John Buffler owns Tacoma Skate. The 5,000-square-foot facility in the industrial Nalley Valley houses a skateboard shop and showroom, where skateboarders can test out their boards on a bowl, ramps and rails. Since opening last December, Tacoma Skate has become a place where veteran skateboarders show off their flashiest tricks and younger ones go to hone their skills.
John Buffler’s interest in skateboarding began when his son was 5 and started riding. He went on to participate in competitions around the United States and Canada. The elder Buffler was working as a three-dimensional digital video artist, designing video games. After being laid off a year ago, he decided to open a shop and showroom. The closest indoor skateboarding facility was in Renton, so he figured Tacoma needed one.
After looking for the right spot, he found it at 1912 Center St. in what had been a cabinet shop that was home to Wiggins Custom Woodworks. The
company had relocated and John Buffler signed a lease for the building.
“It was a central location at the right price. The layout lent itself to what I wanted to do,” he remarked.
He sketched out his design for the space and showed it to John “Gumby” Gumeson, who built the ramps and bowl. “I had the general layout. He refined the plan and designed it,” John Buffler remarked.
It opened on Dec. 19. In March the bowl was completed.
Many people contributed time to the construction and ongoing operation of the facility. The current manager does not get paid. “A lot of volunteer effort went into this, for which I am very thankful.”
Skateboarders can use the showroom for three hours for $8, or $14 for all day. On Wednesday and Saturday it is $5.
Revenue generated by the shop and showroom is modest. The main costs are utilities, insurance and rent. Use of the facility has been closely tied to weather. On warm, sunny days, skaters are likely to be at outdoor skateboard parks, which are free to use.
Darnell Satiacum recently got involved as a volunteer. His nephew is a friend of John Buffler’s daughter and he heard about Tacoma Skate from them.
Darnell Satiacum would like to convert the operation into a non-profit organization, which would make it eligible for funding from foundations, corporations and local governments. This could eventually spin off a for-profit business that constructs ramps.
Darnell Satiacum has some business experience. He co-owns Kiya’s Trading Post with a brother and uncle. He would like to bring in a full-time executive director and a board of directors.

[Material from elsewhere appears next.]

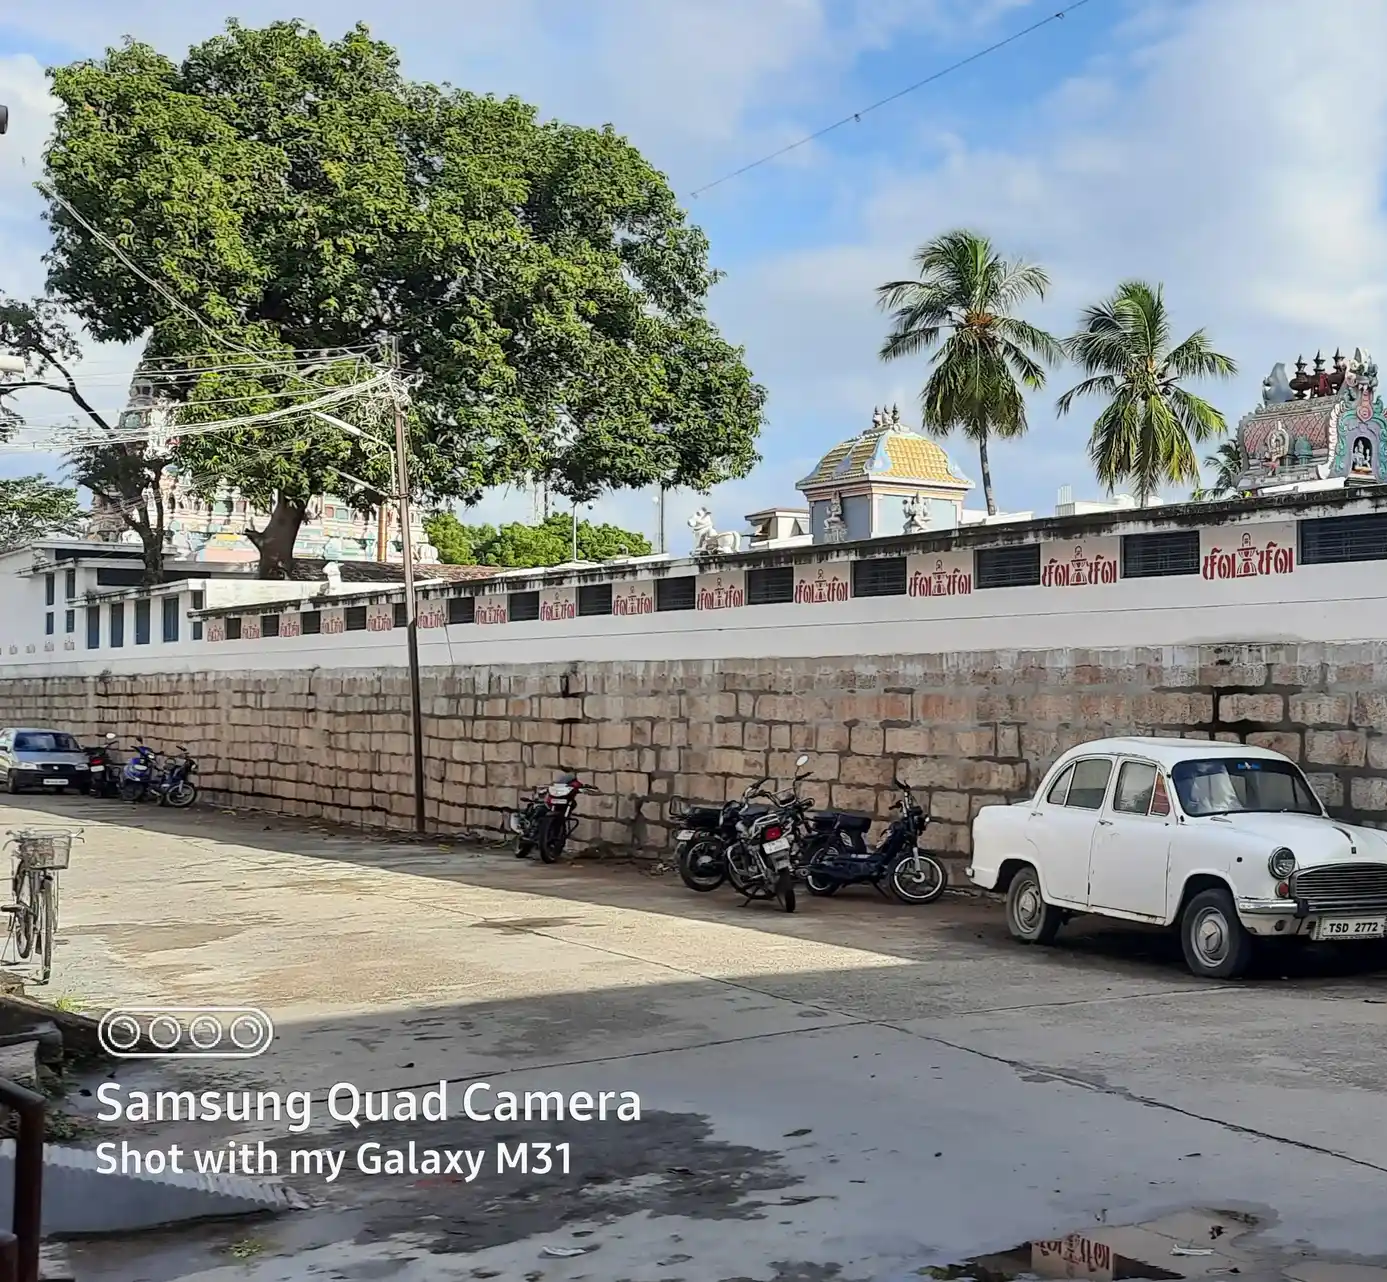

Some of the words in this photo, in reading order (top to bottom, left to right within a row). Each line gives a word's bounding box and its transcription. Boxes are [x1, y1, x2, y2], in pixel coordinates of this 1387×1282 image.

[1202, 547, 1236, 580] சிவ
[1256, 541, 1294, 576] சிவ
[1329, 923, 1349, 933] TSD
[1354, 922, 1378, 932] 2772

A Puyallup Tribal member, Darnell Satiacum sees many young Puyallups at the showroom. He would like to get Puyallup Tribe involved with Tacoma Skate. “I will do what I can to bring the resources together.”

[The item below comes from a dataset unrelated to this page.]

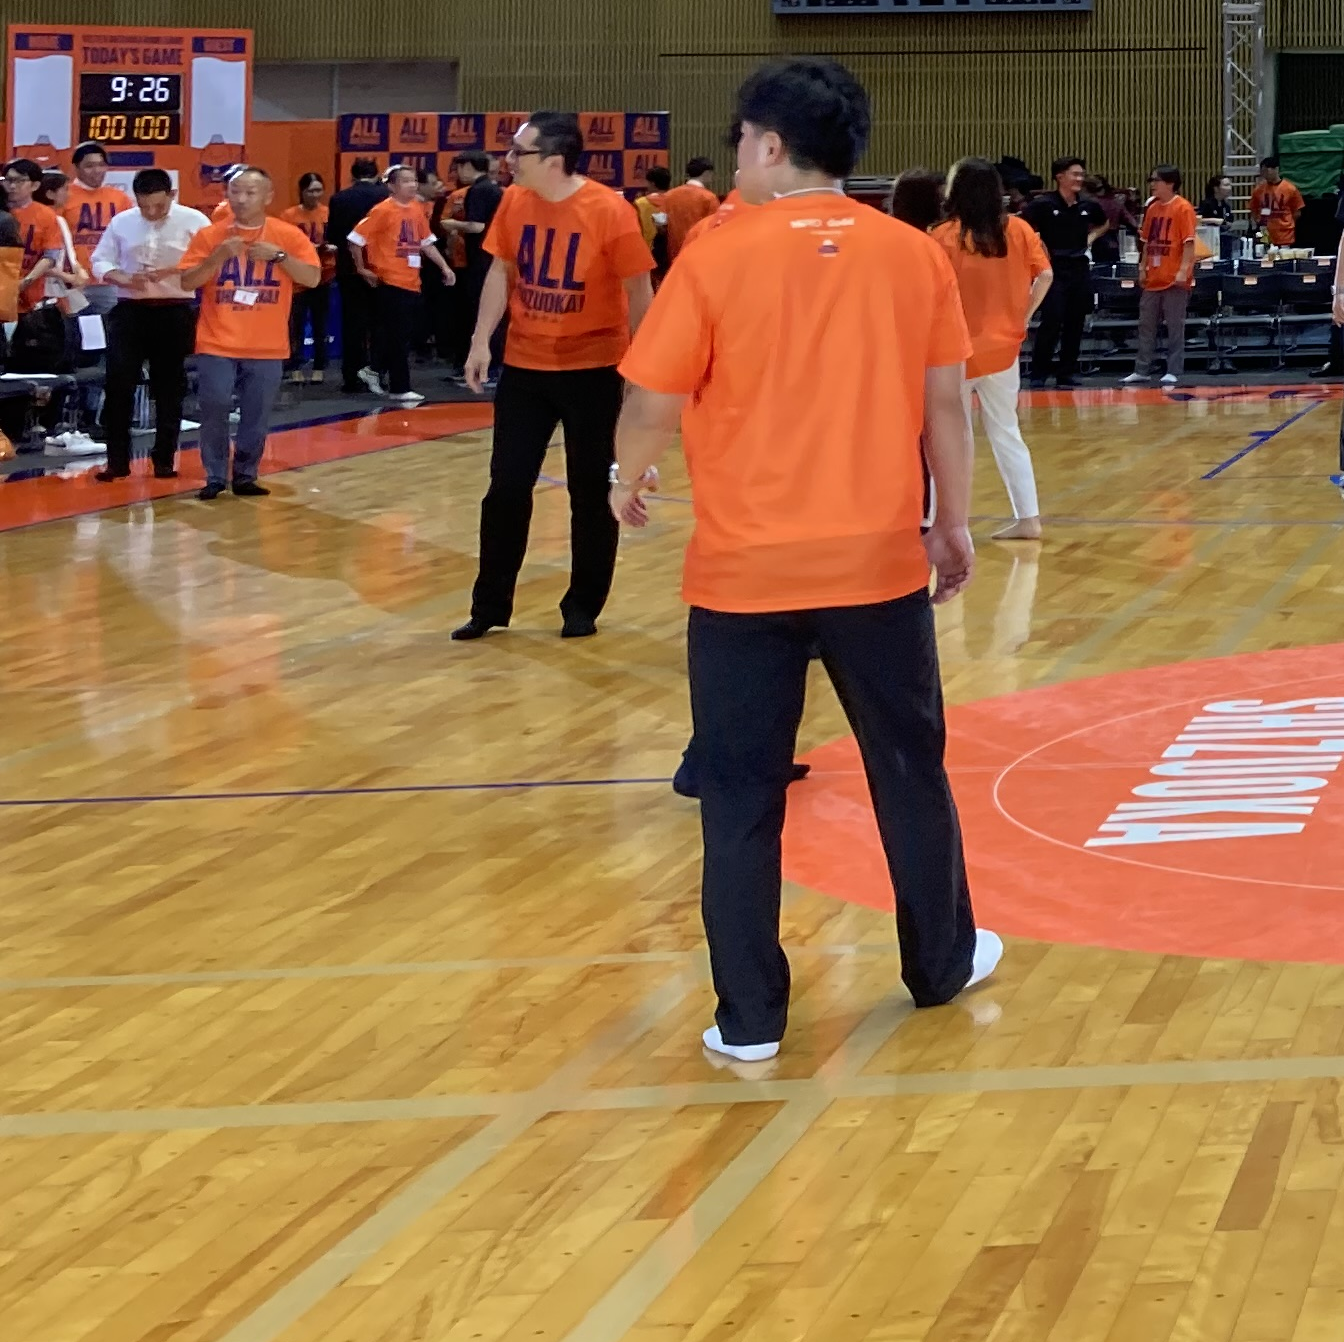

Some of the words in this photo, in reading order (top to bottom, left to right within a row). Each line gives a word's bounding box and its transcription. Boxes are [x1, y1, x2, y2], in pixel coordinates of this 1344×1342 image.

[111, 76, 170, 102] 9:26
[89, 114, 127, 140] 100
[133, 115, 170, 140] 100
[516, 225, 586, 291] ALL

Darnell Satiacum never got into skateboarding. Growing up, his passion was playing baseball. But he understands the popularity of skateboarding and sees its positive attributes. “If this is a venue that keeps kids off the street, why not push to keep it going?” he asked. “To see something like this give structure to kids who do not have much in their lives is awesome,” he said. “This place means the world to them.”
He smiles when recalling a young girl he saw recently at Tacoma Skate. She took a spill, got up, smiled and got back on her board. “It is amazing what a lot of heart that little girl has.”
Tacoma Skate has held shows with local punk and heavy-metal bands. “This is a place for them to show off their skills,” Darnell Satiacum said.
John Buffler pictures Tacoma Skate hosting bands in a variety of genres, as well as performance art and other mediums.
Some of the Tacoma Skate crowd will display their skills at three upcoming events. On July 3 Darnell Satiacum is hosting a skateboarding demonstration from 3-9 p.m. at Kiya’s, located at 2811 Portland Ave. There will be bands playing and food for sale. At 9:30 p.m. there will be a fireworks display.
During the afternoon of July 10 a demonstration will be held at Portland Avenue Park.
On July 11 another will take place outside O’Malley’s on 6th Avenue during the Art on the Ave festival.